Vous venez d’obtenir l’en­reg­istrement EMAS — cette norme européenne qui recense les étab­lisse­ments per­for­mants en terme de man­age­ment et d’en­vi­ron­nement — de votre étab­lisse­ment. Quel est votre sen­ti­ment ?
On est tous fiers ! Cela fai­sait par­tie de notre pro­jet d’étab­lisse­ment dans lequel nous essayons de favoris­er avant tout une cul­ture d’ex­cel­lence et d’éthique. Nous avons reçu la noti­fi­ca­tion lun­di, mais cela fait plus de 5 ans que nous tra­vail­lons à la mise en place d’une démarche de développe­ment durable dans notre étab­lisse­ment.
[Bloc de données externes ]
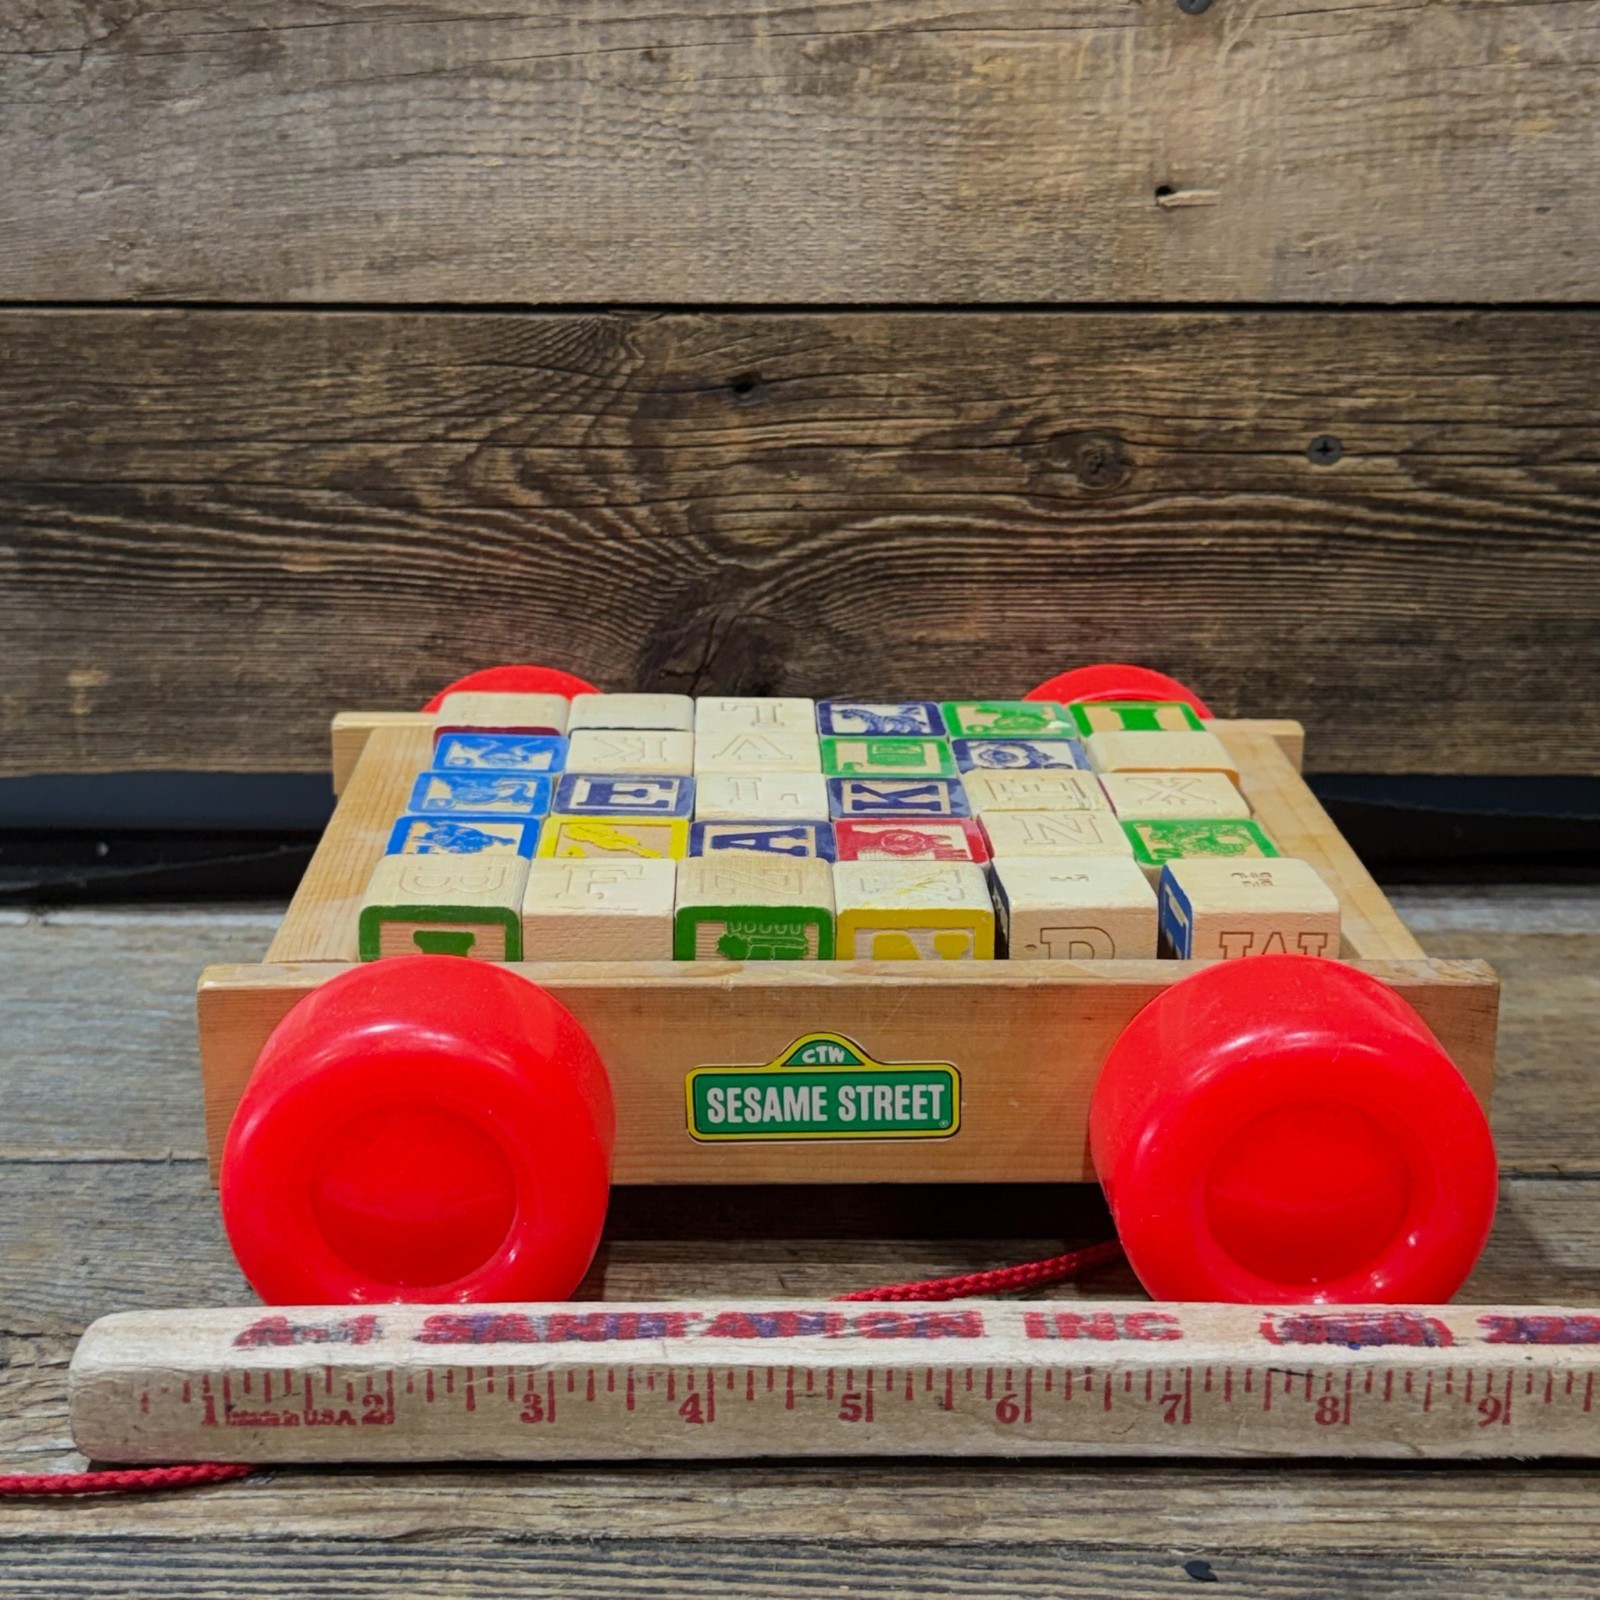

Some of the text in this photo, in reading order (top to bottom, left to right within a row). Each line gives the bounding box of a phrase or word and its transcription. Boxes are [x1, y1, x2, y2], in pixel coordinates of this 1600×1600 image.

[576, 777, 674, 809] E
[851, 784, 941, 812] K
[1125, 777, 1217, 805] X
[712, 827, 808, 857] A
[1012, 814, 1104, 845] N
[554, 864, 645, 900] F
[801, 1046, 846, 1064] CTW
[706, 1084, 945, 1123] SESAME STREET
[418, 1311, 985, 1343] SANITATION
[1024, 1311, 1184, 1341] INC
[362, 1394, 385, 1425] 2
[520, 1393, 544, 1424] 3
[678, 1393, 705, 1424] 4
[838, 1393, 863, 1424] 5
[995, 1396, 1020, 1425] 6
[1160, 1396, 1182, 1425] 7
[1315, 1396, 1340, 1425] 8
[1478, 1396, 1502, 1425] 9
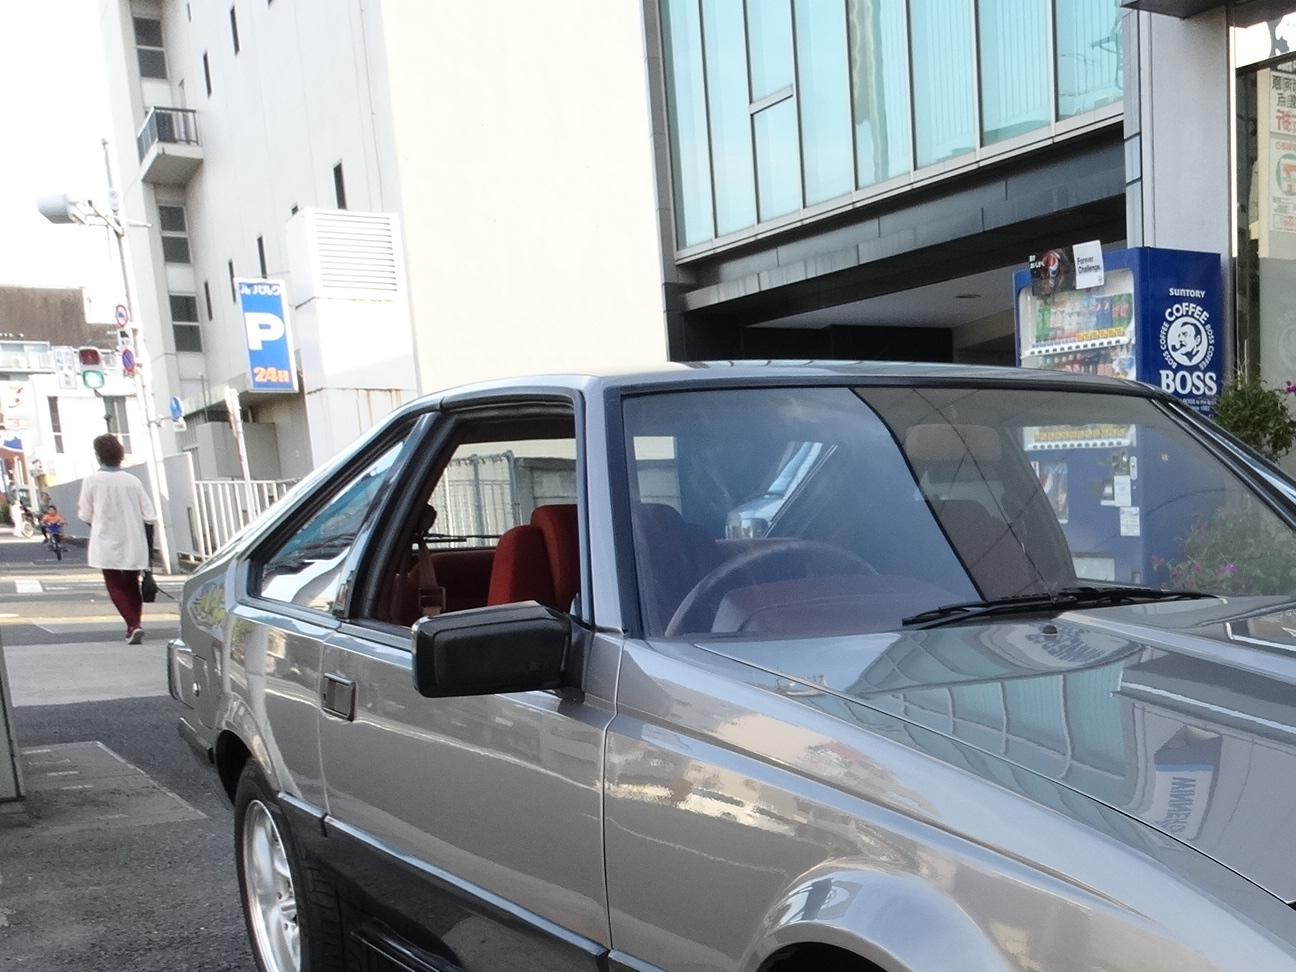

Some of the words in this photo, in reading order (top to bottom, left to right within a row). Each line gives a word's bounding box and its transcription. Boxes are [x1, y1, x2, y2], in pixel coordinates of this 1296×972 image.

[1165, 302, 1210, 324] COFFEE
[245, 312, 285, 350] P
[1159, 321, 1170, 350] COFFEE
[1204, 323, 1215, 344] BOSS
[1162, 351, 1178, 369] BOSS
[1199, 345, 1215, 370] COFFEE
[1159, 369, 1217, 396] BOSS
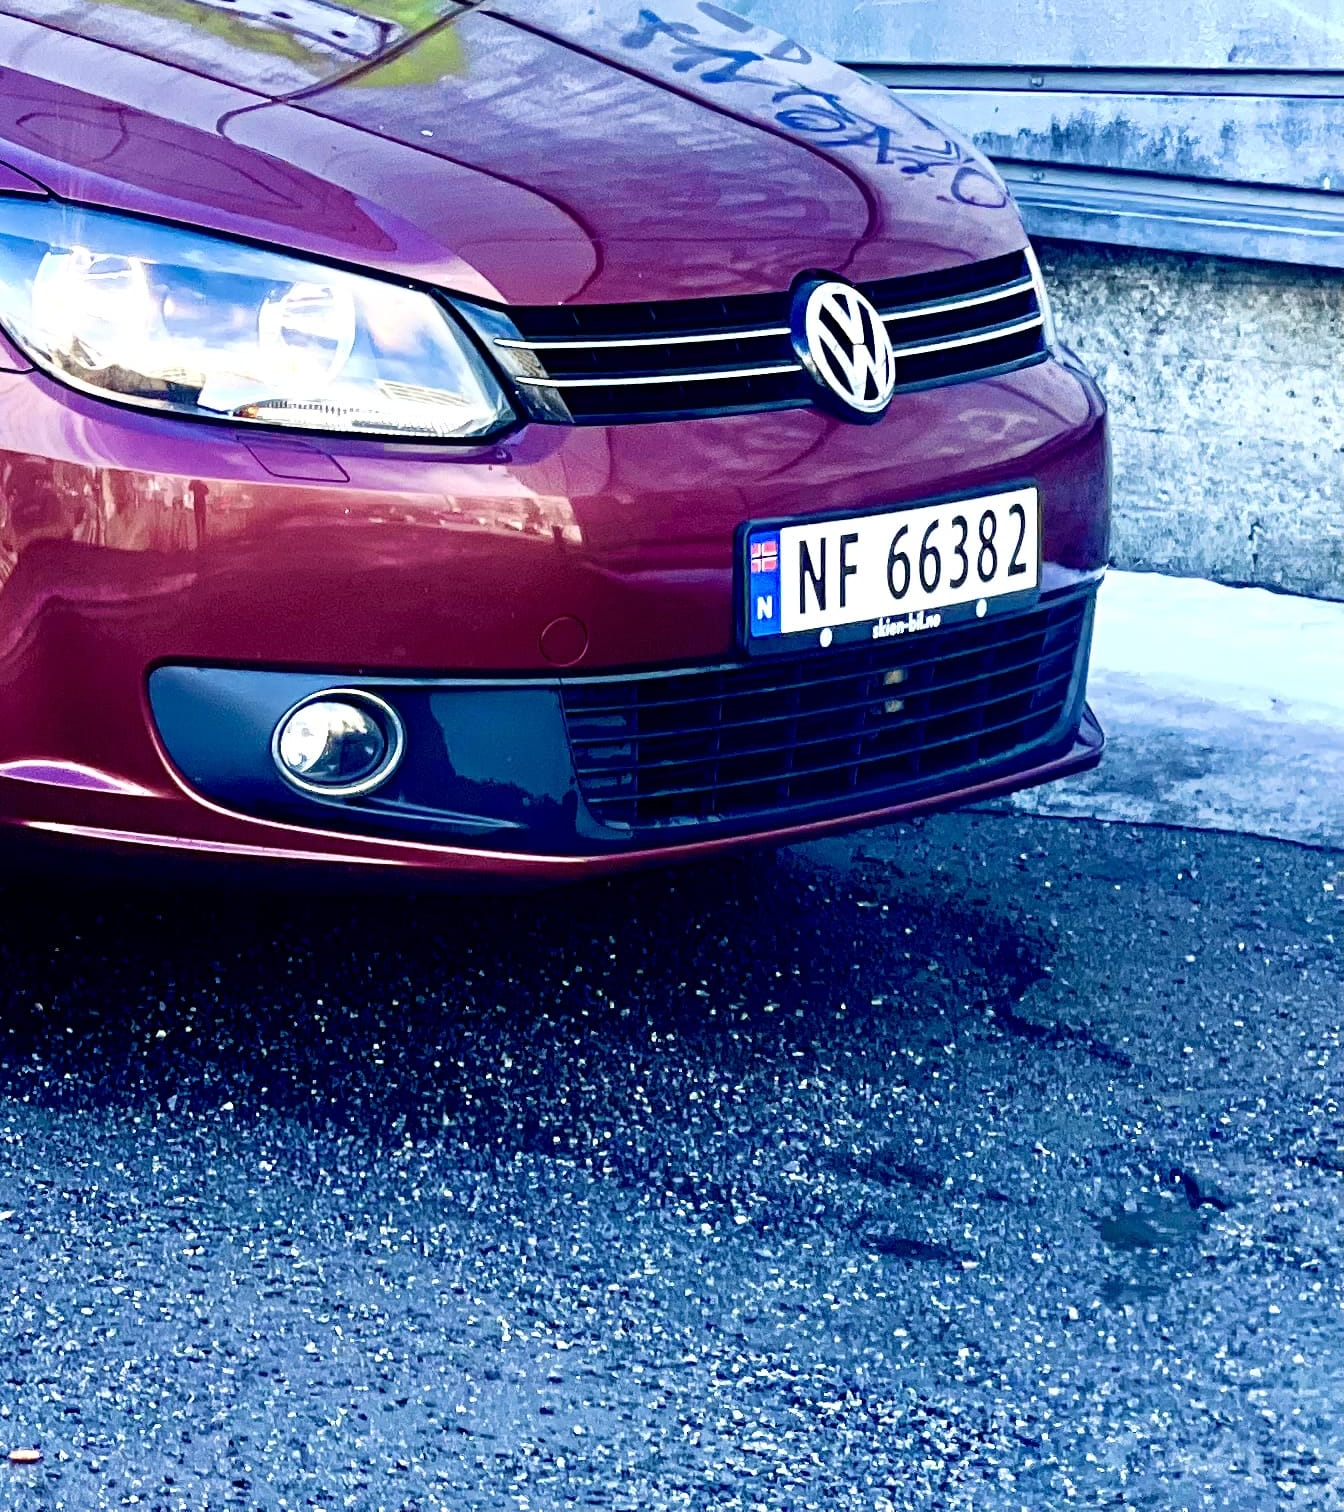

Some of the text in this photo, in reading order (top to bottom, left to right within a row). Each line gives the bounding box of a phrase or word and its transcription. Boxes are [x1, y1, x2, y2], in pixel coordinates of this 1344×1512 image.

[799, 503, 1027, 615] NF 66382
[756, 595, 774, 620] N
Nous sommes donc très heureux d’en récolter les fruits. Met­tre en place une dynamique de ce type néces­site de mobilis­er et d’impliquer l’ensemble du per­son­nel et des médecins, ce qui n’est pas rien ! Le respect de l’ensemble des textes régle­men­taires applic­a­bles en matière d’environnement est aus­si une autre gageure. C’est bien la con­créti­sa­tion de plusieurs années de tra­vail : aujourd’hui, nous sommes une clin­ique à la fois cer­ti­fiée ISO 14001 et enreg­istrée EMAS, ce qui est une pre­mière nationale dans notre secteur.

Pourquoi la France a‑t-elle, d’après vous, un retard en matière de cer­ti­fi­ca­tions envi­ron­nemen­tales ?
A mon avis, le secteur de la san­té n’a pas suff­isam­ment pris la mesure de la démarche RSE (Respon­s­abil­ité Socié­tale des Entre­pris­es) qui prend de l’ampleur dans beau­coup d’autres secteurs d’activité. Bien sûr, il est vital et légitime de men­er des com­bats en matière de val­ori­sa­tion tar­i­faire, mais il faut aus­si défendre une image pos­i­tive de notre pro­fes­sion. Nous sommes dans un secteur où nous devons avoir un posi­tion­nement éthique. Et c’est bien sur les volets social, socié­tal et envi­ron­nemen­tal que le secteur privé doit se dis­tinguer par une démarche volon­tariste et inno­vante. Pour l’image de notre pro­fes­sion, c’est cap­i­tal.

En quoi ces cer­ti­fi­ca­tions sont-elles intéres­santes pour les étab­lisse­ments ?
Elles sont indé­ni­able­ment un fac­teur de moti­va­tion interne. Les gens s’investissent d’autant plus dans leur tra­vail qu’on leur donne du sens. Il faut que nos étab­lisse­ments soient per­suadés que ces cer­ti­fi­ca­tions sont à la portée de tous. A mon avis, la RSE doit être un axe de posi­tion­nement stratégique pri­or­i­taire pour l’avenir du secteur privé, car nous devons nous pro­fil­er dans les champs de l’excellence et de l’éthique.